“Ben göçüp gittiğimde evren kendisini çok seven birini kaybetmiş olacak” diyen sanatçı Etel Adnan, 96 yaşında Paris’te hayata gözlerini yumdu.
Lübnan asıllı ABD’li şair ve ressam Etel Adnan, 96 yaşında Paris’te yaşamını yitirdi. Şiirlerinde resim, resimlerinde şiir olan sanatçının yaşam öyküsü 1925 yılında Beyrut’ta başlamıştı. İzmirli Rum bir anne ve Şamlı bir Osmanlı subayı babanın kızı olarak çıktığı yaşam yolculuğunun bu çok dilli, çok dinli ve kültürlü hali renkli bir izdüşüm olarak yansıdı sanat eserlerine.
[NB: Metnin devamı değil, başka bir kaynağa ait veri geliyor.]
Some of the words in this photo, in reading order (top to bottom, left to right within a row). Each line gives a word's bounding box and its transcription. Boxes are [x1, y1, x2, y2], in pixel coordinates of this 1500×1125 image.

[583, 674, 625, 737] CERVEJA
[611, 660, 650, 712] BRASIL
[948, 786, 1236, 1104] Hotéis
1949 yılında Paris’e gidip felsefe ve estetik okuyan Adnan’ın sanat pratiği şiirle başlayıp edebiyat ve gazetecilikle devam etti. 1960’lı yılların başında ise resim yapmaya başladı Adnan, o vakitten itibaren de sanat pratiği yazıyla resmin yan yana durduğu yahut kimi zaman birbirinin içine girmiş bir halde çıktı karşımıza. Yaşamı boyunca Fransızca, Arapça ve İngilizce olmak üzere farklı dillerde denemeler, makaleler, romanlar, şiirler ve oyunlar kaleme aldı. Ona dünya çapında ün getiren eseri ise Lübnan İç Savaşı öncesi ve sonrası dönemde geçen Sitt Marie-Rose (1977) romanı oldu.
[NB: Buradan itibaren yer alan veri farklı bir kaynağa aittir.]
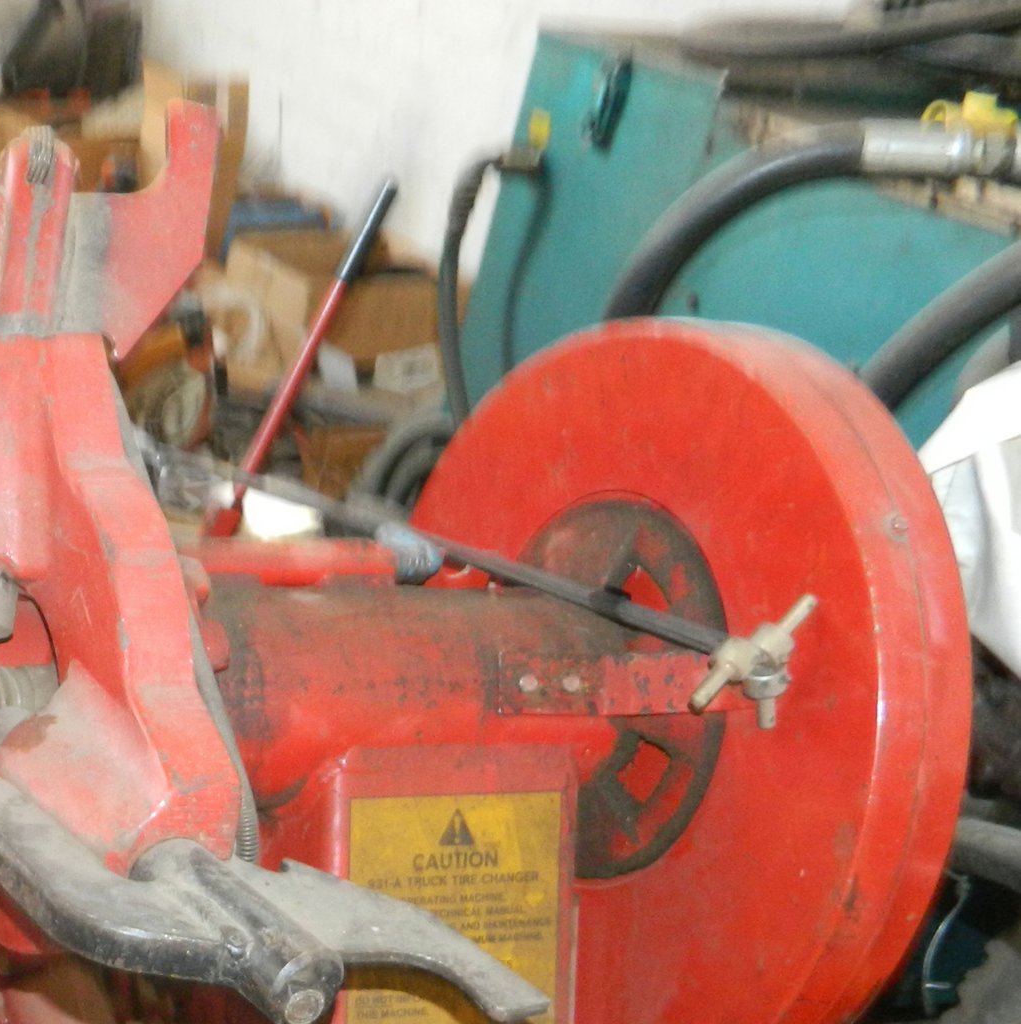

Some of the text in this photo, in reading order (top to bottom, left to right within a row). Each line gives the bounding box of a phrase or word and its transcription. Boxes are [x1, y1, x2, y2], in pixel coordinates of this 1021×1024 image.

[413, 850, 499, 872] CAUTION
[367, 870, 539, 890] 931-A TRUCK TIRE CHANGER
Savaşlar yalnız eserlerinin konusu olmakla kalmayıp kariyerine yön verme konusunda da Adnan’ın hayatında önemli bir rol oynadı. Cezayir Savaşı patlak verdiğinde Fransızca yazmayı bırakan sanatçı, kendini ifade edebilmek için alternatif bir iletişim kanalı olarak resim yapmayı tercih etti. Sanatçının erken dönemdeki işleri, bir masanın üzerine yerleştirilmiş tuvallere resmedilen soyut yağlıboya tablolarıydı. İlerleyen dönemlerdeki işlerinde ise, ki bu süreç Kaliforniya’ya taşındıktan sonraki zamanlara tekabül ediyor, eserlerinde tabiat kendisine yer bulmaya başladı. Tekrar tekrar çizilmiş Tamalpais Dağı’nın manzarası bu ilginin başlangıcıydı denilebilir. Doğayla ilişkilenmesi yalnız çizgilerle değil, kelimelerle de karşılık buldu. 1986’da yayınlanan Journey to Mount Tamalpais, sanat ve doğa arasındaki ilişkiyi ele alan hem edebi yönü hem de içeriği kuvvetli bir kitap olarak yazarın külliyatı arasına girdi.
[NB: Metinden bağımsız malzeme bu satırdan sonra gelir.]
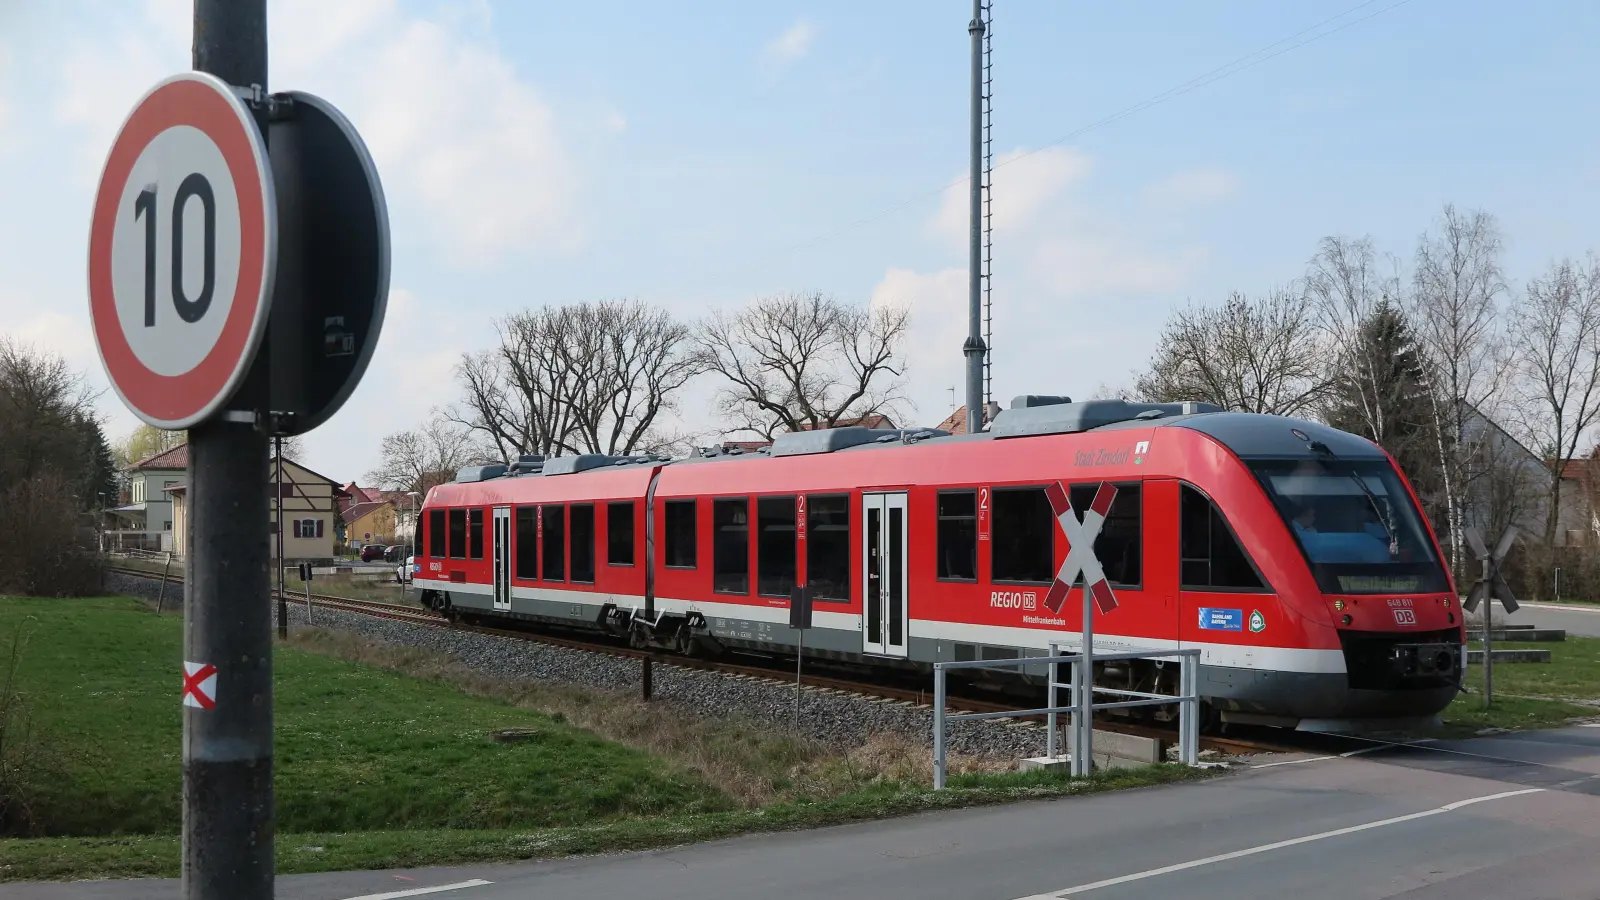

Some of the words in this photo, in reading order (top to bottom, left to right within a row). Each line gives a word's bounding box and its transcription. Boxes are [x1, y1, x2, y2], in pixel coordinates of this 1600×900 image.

[134, 172, 216, 328] 10
[798, 495, 804, 513] 2
[980, 488, 988, 509] 2
[990, 591, 1021, 609] REGIO
[1024, 593, 1035, 610] DB
[1022, 615, 1066, 626] Mittelfrankenbahn
[1395, 610, 1414, 623] DB
“Leporello” olarak adlandırılan akordeon şeklinde katlanmış sanatçı kitapları da Adnan’ın 1960’lı yılların ortasında yaptığı çalışmalarına birer örnek.
Etel Adnan, hayatının son on yılında ise farklı bir çalışma stilinde eser vermeye başladı. Günden yakaladığı konular yerine, hayatı boyunca evi olarak adlandırdığı birçok farklı yere yeniden yönelen anılarla çalışmaya başladı. Bu eserlerde güneş, gökyüzü ve ışık gibi imgeler turuncu renklerle Beyrut’taki çocukluğunun bir yansımasıydı. Annesinin doğup büyüdüğü, hem annesi hem de babası için asıl evleri olan İzmir de bu mekânlar arasındaydı. Geçtiğimiz yaz aylarında Pera Müzesi’nde açtığı “İmkânsız: Eve Dönüş” sergisinin de biraz da bu yüzden eve dönüş gibi olduğunu söylüyordu sanatçı. Ne var ki pandemi sebebiyle sergiyi görmeye gelememişti. Sanatçının son sergisi ise 10 Ocak 2022’ye kadar Guggenheim New York’ta devam edecek olan “Light’s New Measure”dı.
Öyle ki Adnan, savaş eleştirisini ve sosyal adaletsizliği metinlerine taşıyıp doğayı ve insan ruhunu ise resimlerine sakladı. Hatta bir açıklamasında da şöyle diyordu: “Ne gördüysem onu yazdım, ne isem onu çizdim.”